Set the listing down unchanged, minus every embedded image.
[SUPPLIED DATA Boundary: Start]
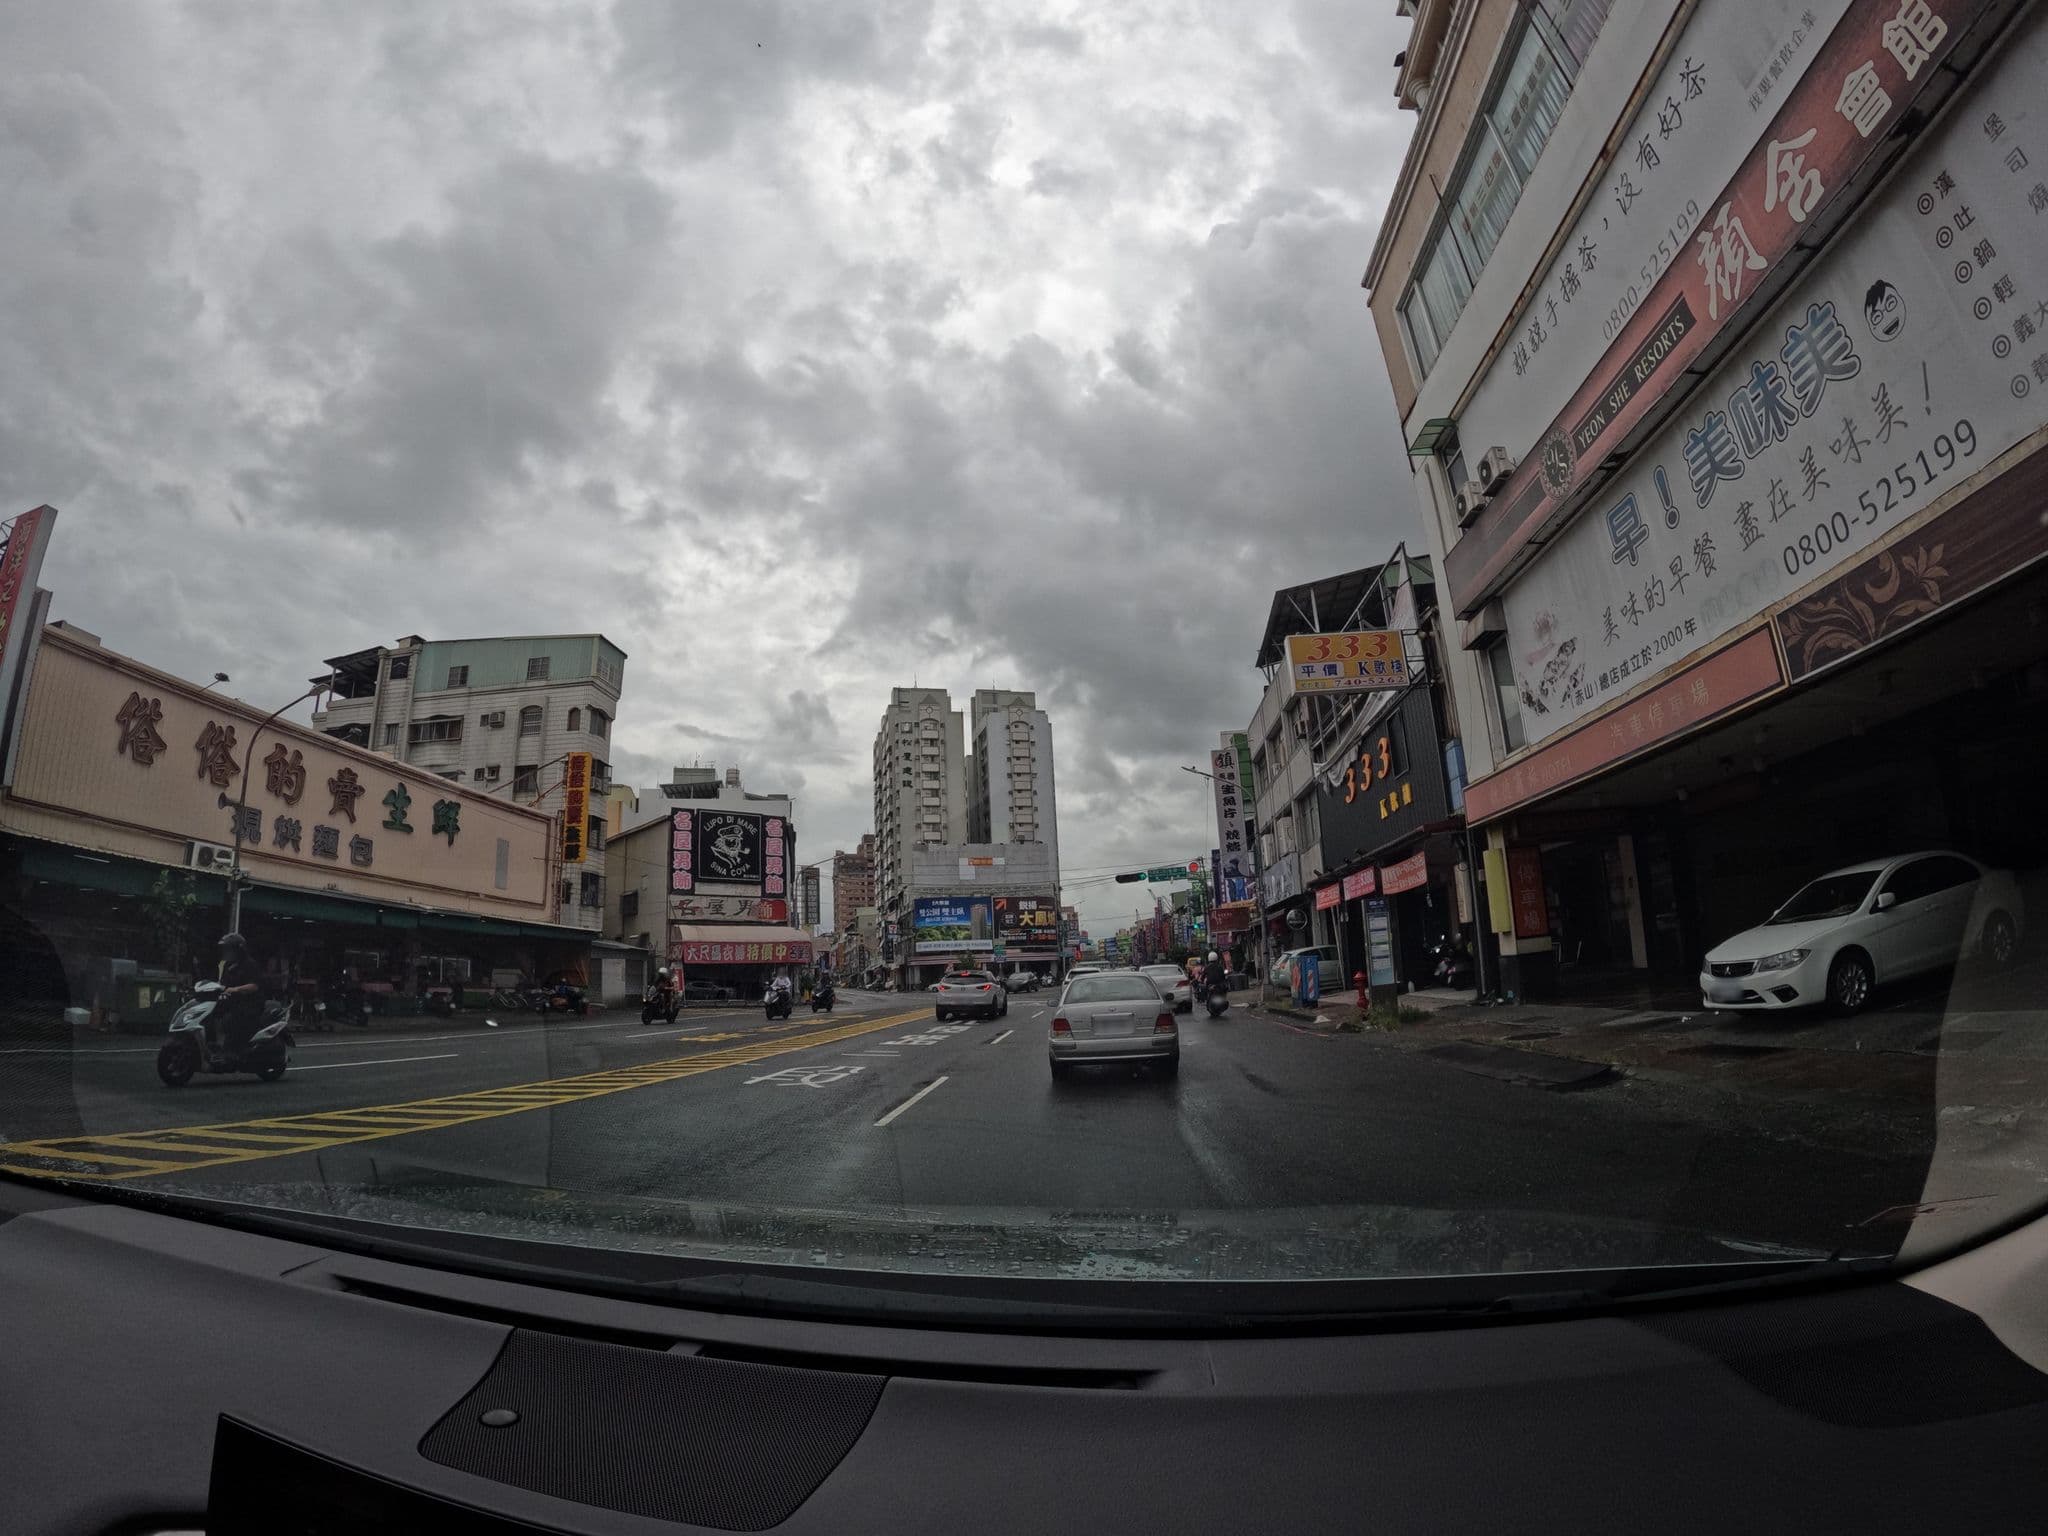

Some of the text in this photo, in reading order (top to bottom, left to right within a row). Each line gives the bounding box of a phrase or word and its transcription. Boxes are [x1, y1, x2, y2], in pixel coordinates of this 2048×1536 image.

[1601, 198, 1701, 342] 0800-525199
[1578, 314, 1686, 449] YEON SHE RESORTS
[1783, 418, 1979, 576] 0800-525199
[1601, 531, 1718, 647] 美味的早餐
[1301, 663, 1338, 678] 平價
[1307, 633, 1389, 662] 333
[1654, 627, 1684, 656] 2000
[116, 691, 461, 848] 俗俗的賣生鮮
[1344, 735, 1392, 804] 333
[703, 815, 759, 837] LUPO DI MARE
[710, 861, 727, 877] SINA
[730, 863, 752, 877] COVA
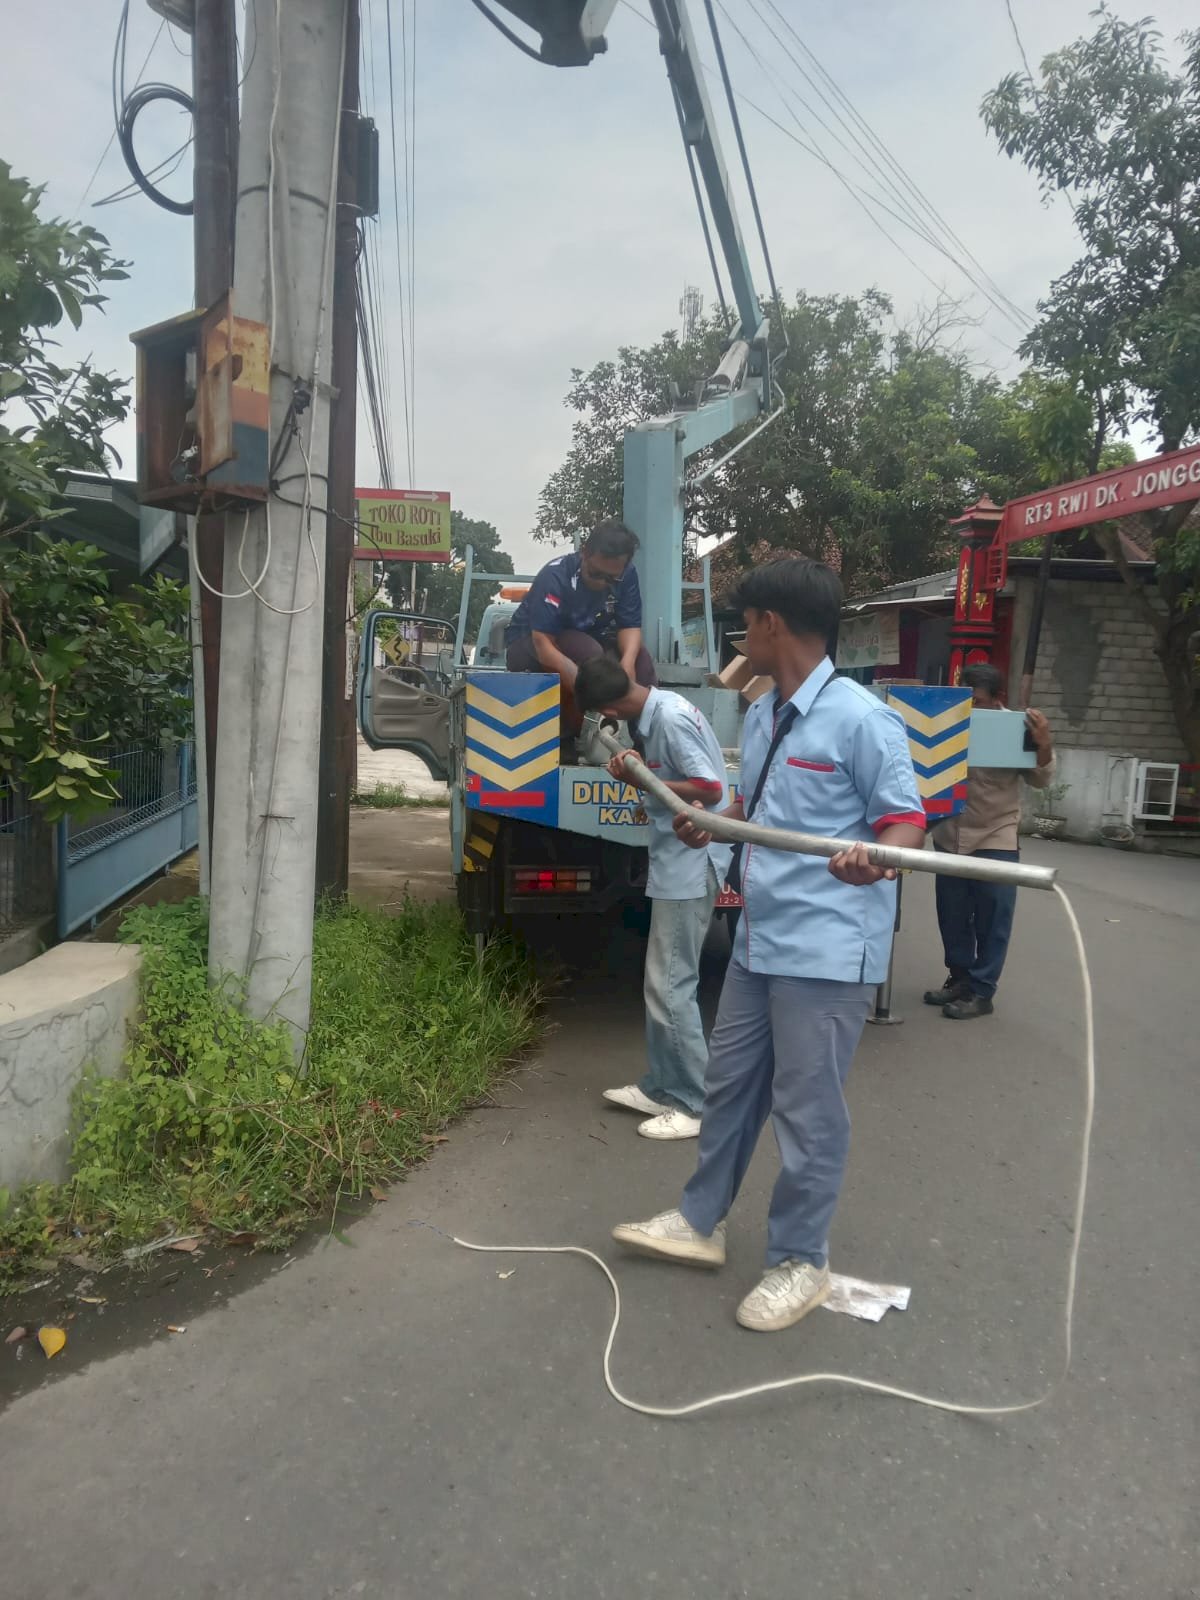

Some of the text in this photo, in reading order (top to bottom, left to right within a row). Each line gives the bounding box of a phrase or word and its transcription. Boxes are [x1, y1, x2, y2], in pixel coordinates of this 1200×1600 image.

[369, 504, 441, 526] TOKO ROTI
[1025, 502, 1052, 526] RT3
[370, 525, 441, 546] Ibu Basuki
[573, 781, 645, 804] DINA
[SUPPLIED DATA Boundary: End]
■ COMPLETED TASK
Some of the text in this photo, in reading order (top to bottom, left to right within a row). Each line gives the bounding box of a phrase or word and its transcription. Boxes are [x1, y1, x2, y2], in pixel coordinates of this 2048×1536 image.

[1601, 198, 1701, 342] 0800-525199
[1578, 314, 1686, 449] YEON SHE RESORTS
[1783, 418, 1979, 576] 0800-525199
[1601, 531, 1718, 647] 美味的早餐
[1301, 663, 1338, 678] 平價
[1307, 633, 1389, 662] 333
[1654, 627, 1684, 656] 2000
[116, 691, 461, 848] 俗俗的賣生鮮
[1344, 735, 1392, 804] 333
[703, 815, 759, 837] LUPO DI MARE
[710, 861, 727, 877] SINA
[730, 863, 752, 877] COVA

Some of the text in this photo, in reading order (top to bottom, left to right within a row). Each line gives the bounding box of a phrase or word and its transcription. Boxes are [x1, y1, x2, y2], in pixel coordinates of this 1200×1600 image.

[369, 504, 441, 526] TOKO ROTI
[1025, 502, 1052, 526] RT3
[370, 525, 441, 546] Ibu Basuki
[573, 781, 645, 804] DINA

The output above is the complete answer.